▶ _Records_
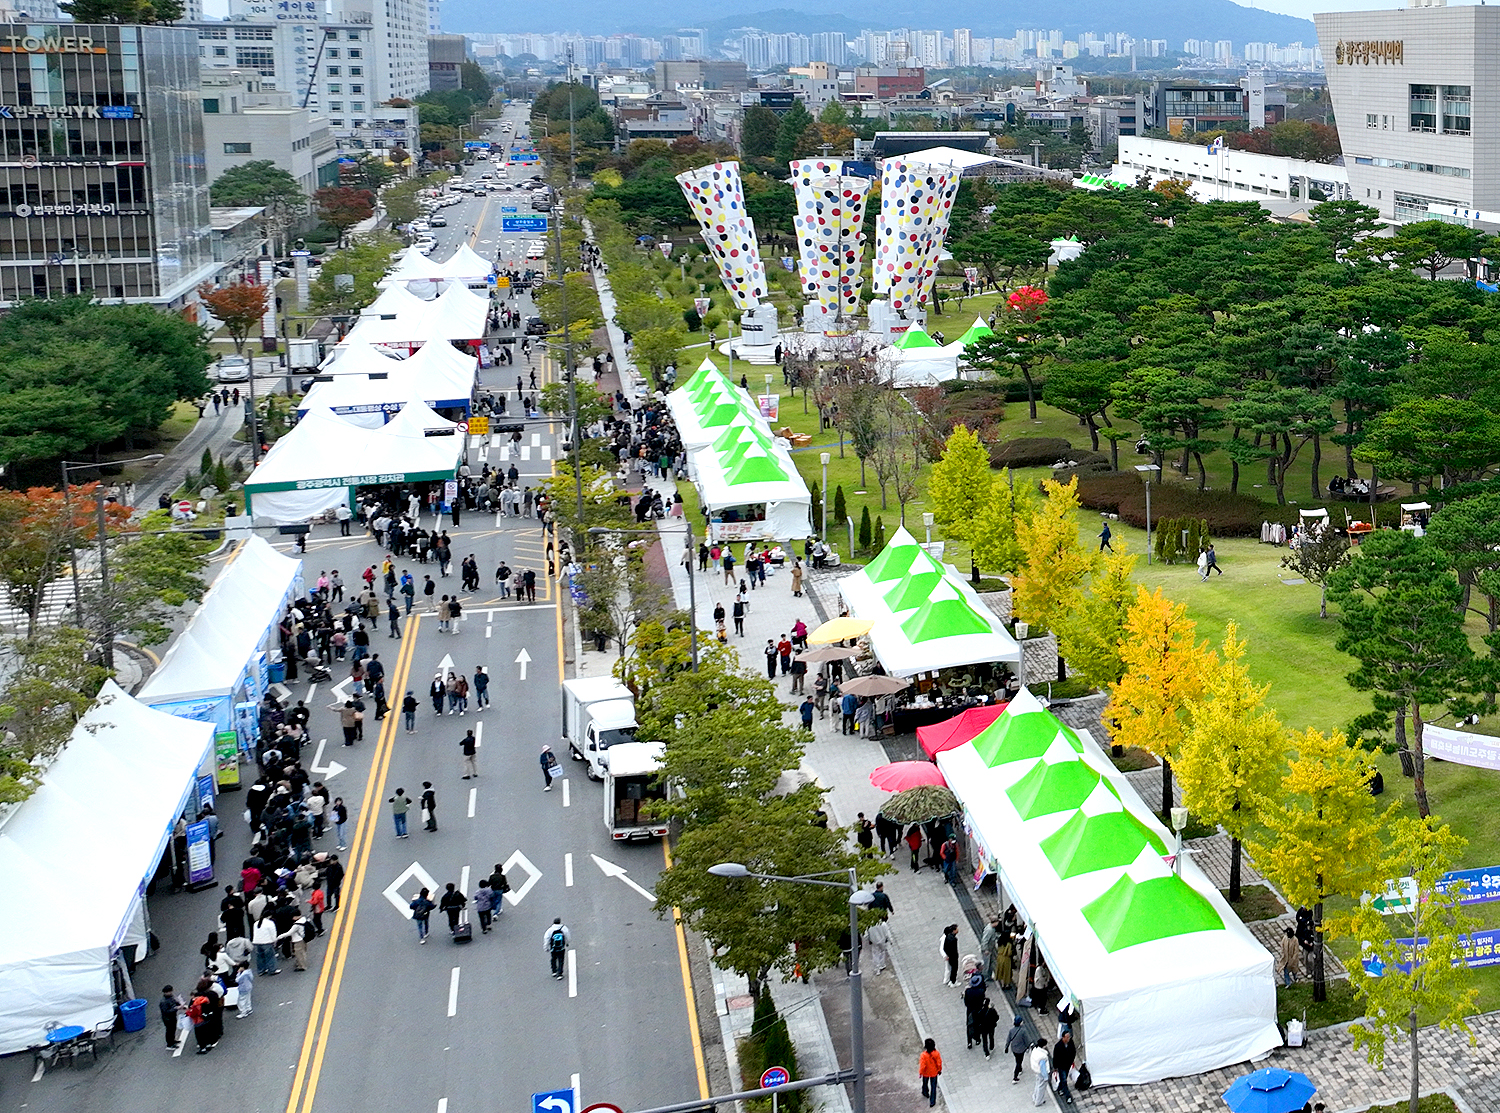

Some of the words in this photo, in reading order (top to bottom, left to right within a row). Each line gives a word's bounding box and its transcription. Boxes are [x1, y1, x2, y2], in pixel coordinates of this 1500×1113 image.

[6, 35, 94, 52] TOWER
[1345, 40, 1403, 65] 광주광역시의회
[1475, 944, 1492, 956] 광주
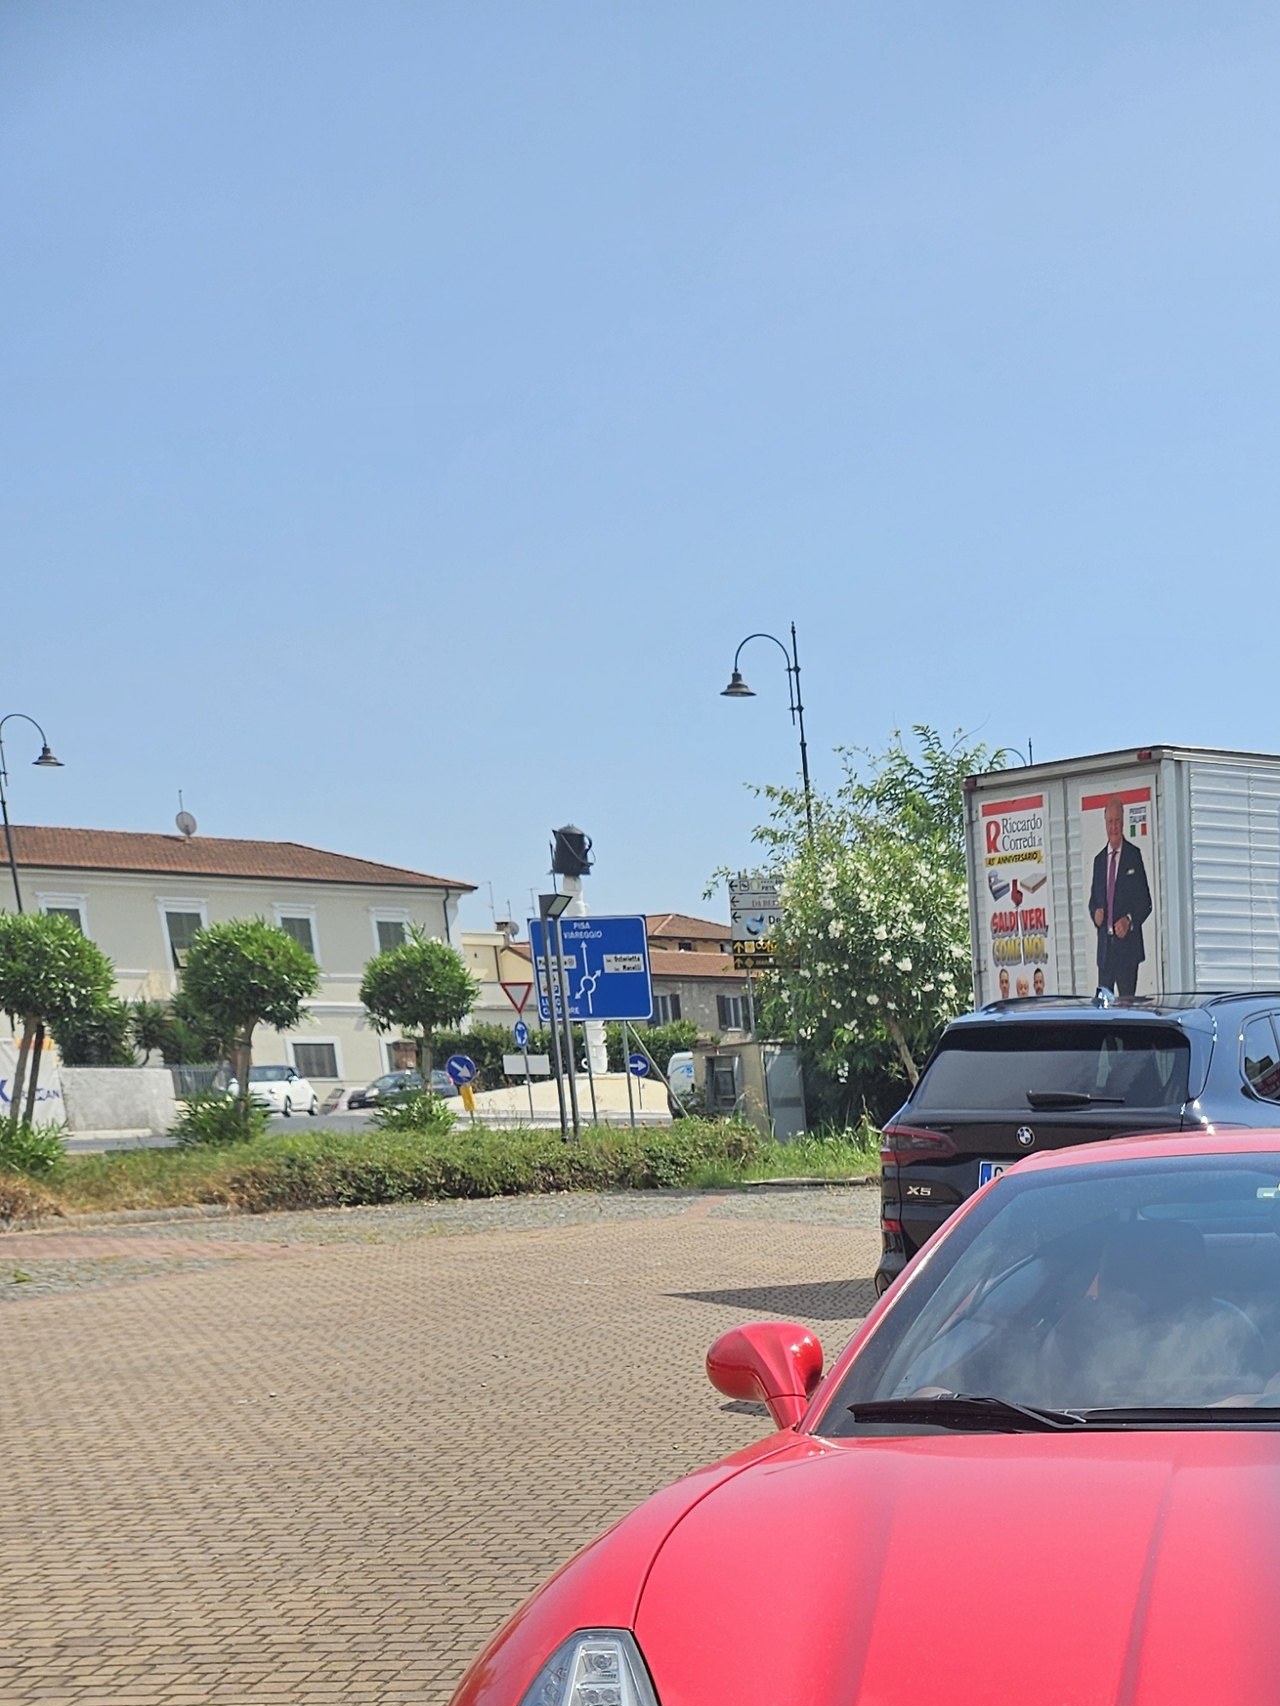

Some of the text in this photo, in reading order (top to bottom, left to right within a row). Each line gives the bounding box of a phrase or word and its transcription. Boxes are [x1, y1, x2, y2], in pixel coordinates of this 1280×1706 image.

▶ _Exercise aim_
Your reply is the full set of entries reproduced exactly, with images omitted.

▶ _Exercise output_
Some of the words in this photo, in reading order (top to bottom, left to right within a row). Each line gives a word's bounding box and its transcription. Boxes are [x1, y1, x2, y2], in pixel coordinates of this 1500×1113 image.

[6, 35, 94, 52] TOWER
[1345, 40, 1403, 65] 광주광역시의회
[1475, 944, 1492, 956] 광주

Some of the text in this photo, in reading order (top to bottom, left to right within a row). Each line gives the bounding box of a phrase or word and its transcription. Boxes are [x1, y1, x2, y2], in pixel coordinates of this 1280×1706 image.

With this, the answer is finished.